CCREMs are used when two or higher levels have no mutual hierarchical attributes. When CCREMs are applied to APC analysis, effects of age and other individual-level variables are set as fixed effects at level 1, whereas period and cohort effects are set as random effects at level 2 [16,19]. Thus, HAPC analysis can measure random variances of period and cohort effects that were unmeasured at the individual level and can also explain the effects of the period or cohort characteristic variables on trends and changes in the health status and health inequalities [27].

For a better understanding, an exemplar is provided as follows. A researcher identified long-term trends in adult mortality rates based on data collected in a country and then had the following research questions: (1) How did age, period, and cohort effects vary in contributing to the trend of adult mortality rates? (2) Were cohort characteristics, the number of the population born in a similar period (cohort size) and an economic condition at birth, associated with mortality risks? (3) How different are trajectories of mortality rates between males and females as they aged?
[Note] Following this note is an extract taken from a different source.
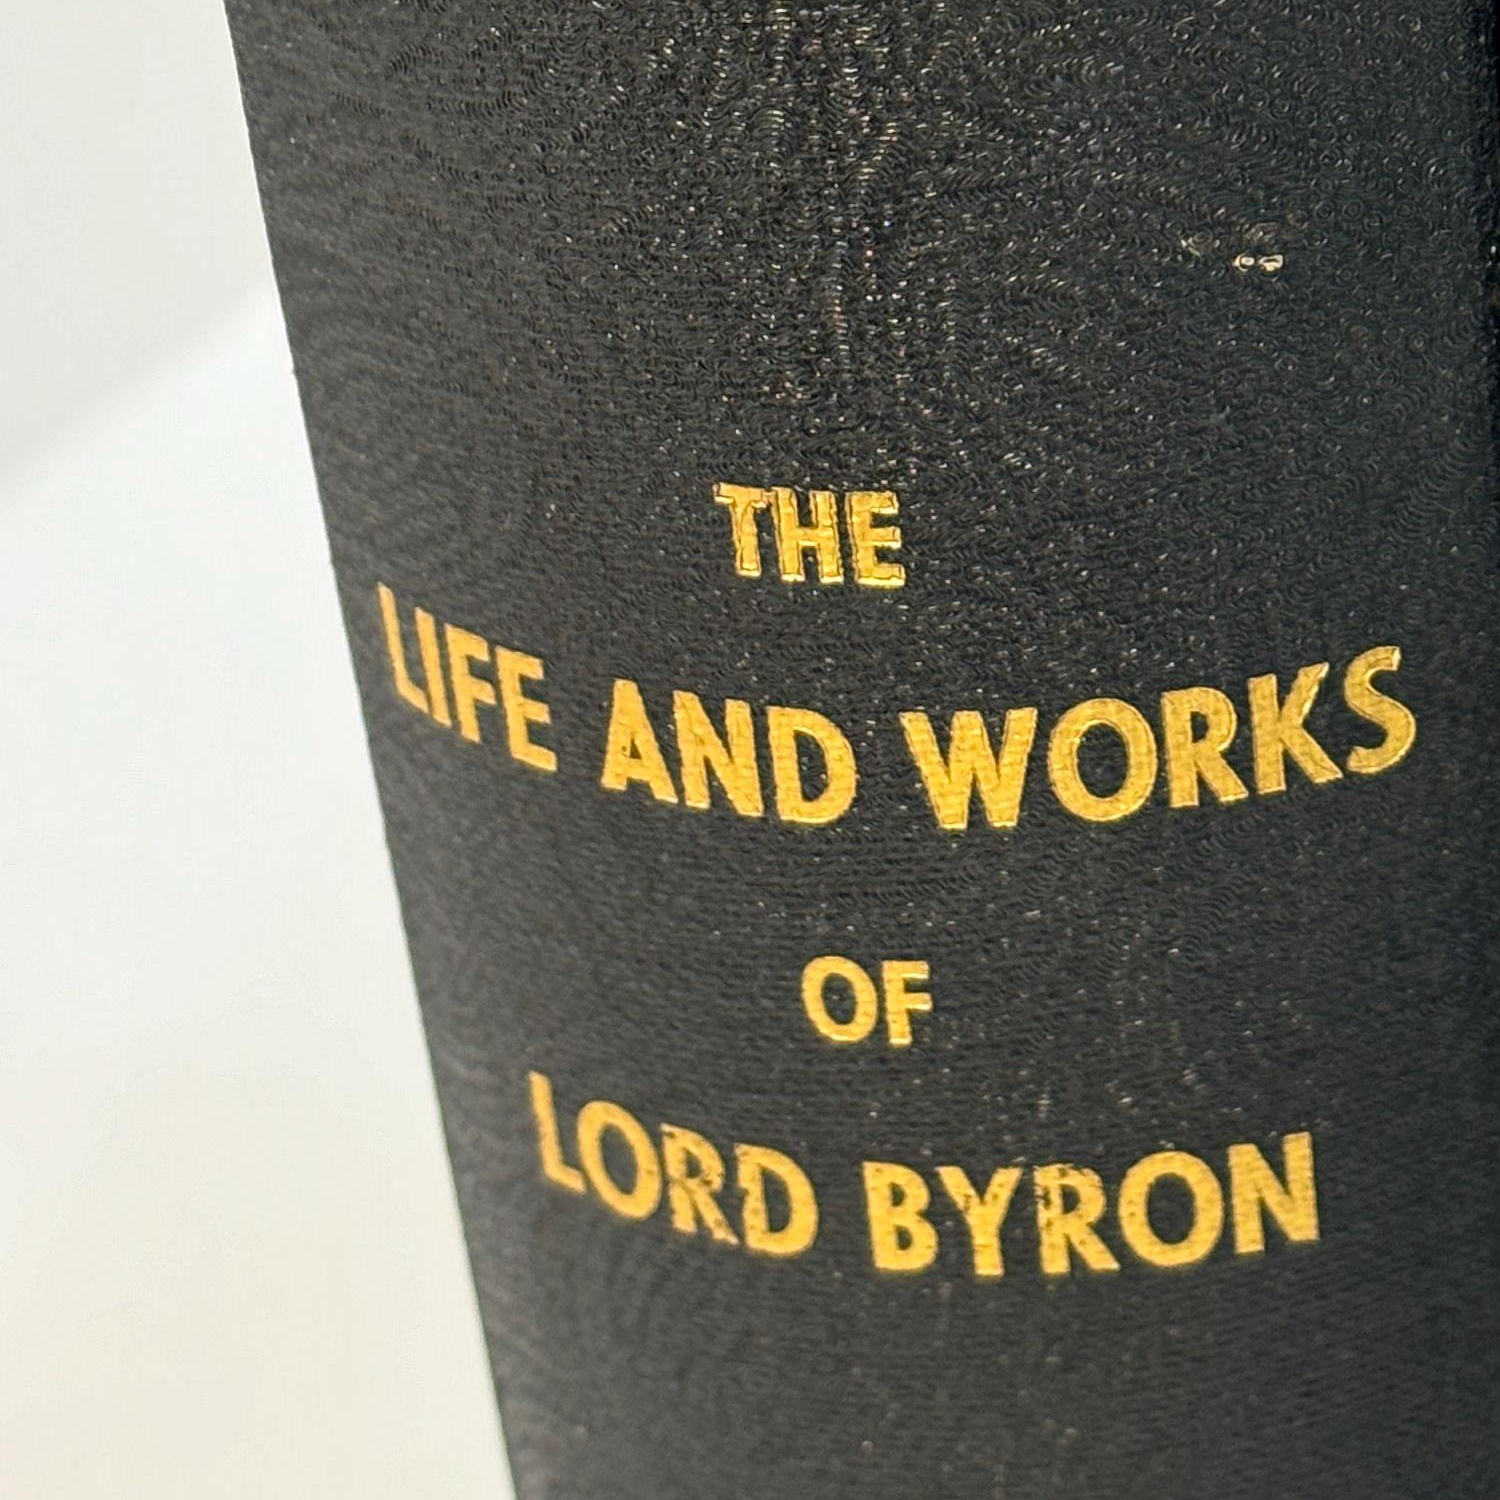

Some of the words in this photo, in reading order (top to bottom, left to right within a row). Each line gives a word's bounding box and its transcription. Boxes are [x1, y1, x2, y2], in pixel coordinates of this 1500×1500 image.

Figure 2 shows age, period, and cohort effects on the mortality between males and females regarding predicted probabilities of mortality. The effect of one factor is mean values when hold effects of the other two factors at their mean values. In other words, age effects at the far left indicate mortality risks at each age group when period and cohort effects were set to their mean values. The graph of age effects shows that the mortality risk exponentially increased with age. When viewed by cohorts, those who were born in the 1970s had the highest mortality risk among all cohorts, and the cohort effects gradually decreased after that. Mortality risk by period effects decreased over time.

Figure 2.

Example of hierarchical age-period-cohort analysis results on adult mortality rate trends (A: age effect, B: cohort effect).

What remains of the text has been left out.